If a picture appears in the records below, drop it, and reproduce everything else exactly.
--- Material for this exercise Enclosed Below ---
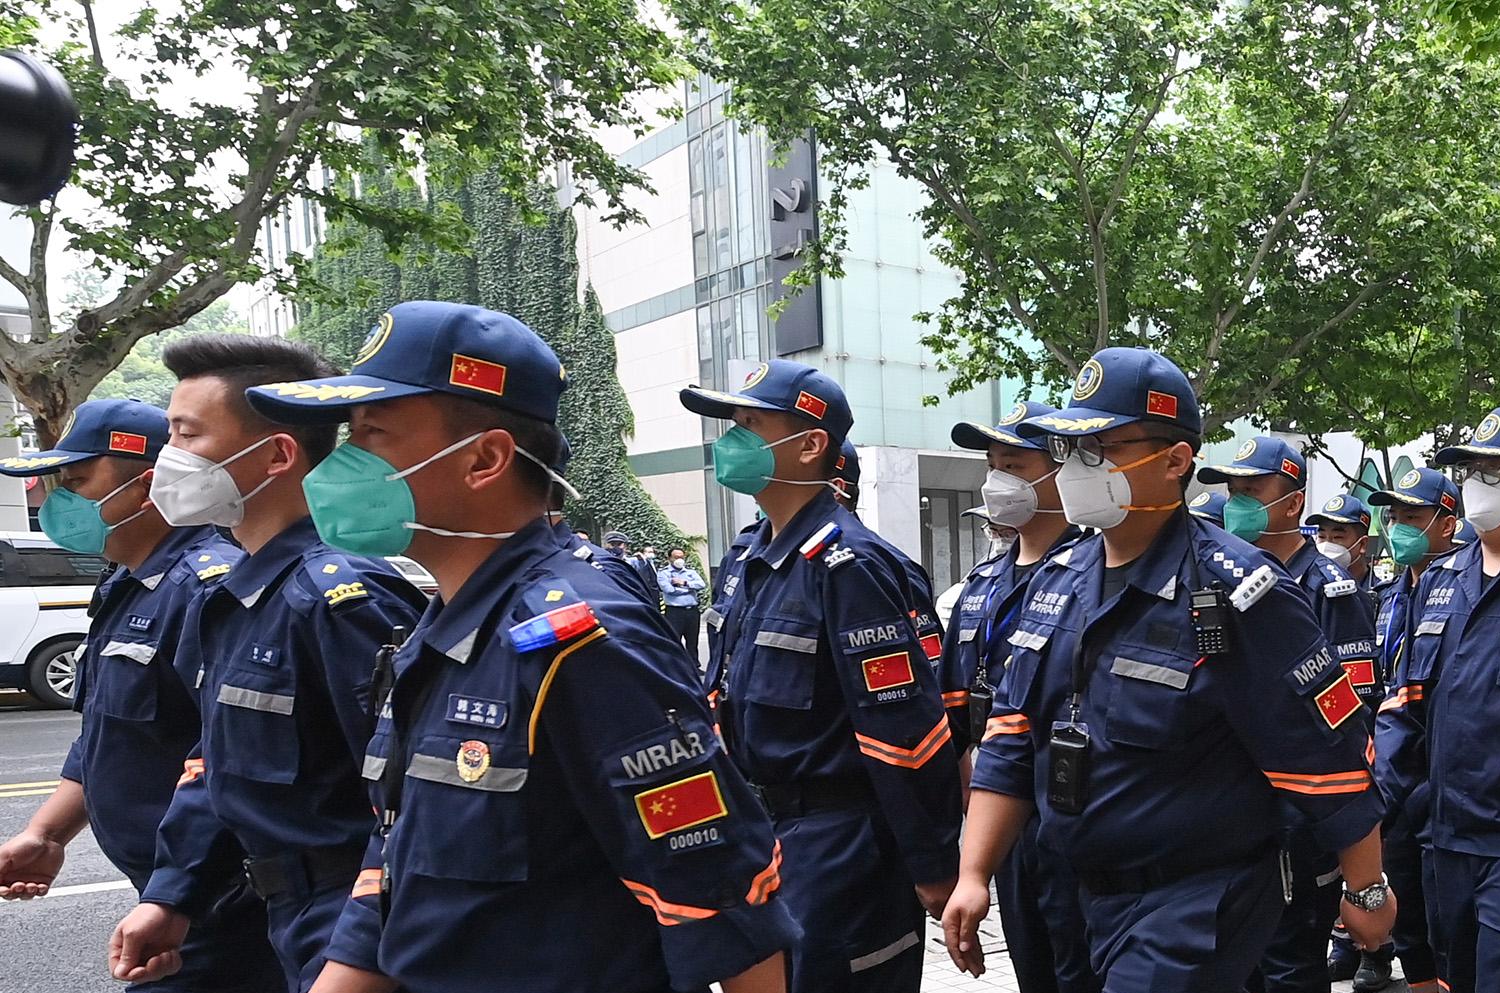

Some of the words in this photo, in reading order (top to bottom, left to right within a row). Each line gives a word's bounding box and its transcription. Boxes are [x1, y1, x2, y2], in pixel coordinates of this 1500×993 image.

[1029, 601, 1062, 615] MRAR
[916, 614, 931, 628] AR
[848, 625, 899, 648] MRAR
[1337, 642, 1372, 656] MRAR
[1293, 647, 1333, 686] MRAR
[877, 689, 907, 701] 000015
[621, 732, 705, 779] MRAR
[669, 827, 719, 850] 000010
--- End of Enclosed Material for this exercise ---
Exercise response:
Some of the words in this photo, in reading order (top to bottom, left to right within a row). Each line gives a word's bounding box and its transcription. Boxes are [x1, y1, x2, y2], in pixel coordinates of this 1500×993 image.

[1029, 601, 1062, 615] MRAR
[916, 614, 931, 628] AR
[848, 625, 899, 648] MRAR
[1337, 642, 1372, 656] MRAR
[1293, 647, 1333, 686] MRAR
[877, 689, 907, 701] 000015
[621, 732, 705, 779] MRAR
[669, 827, 719, 850] 000010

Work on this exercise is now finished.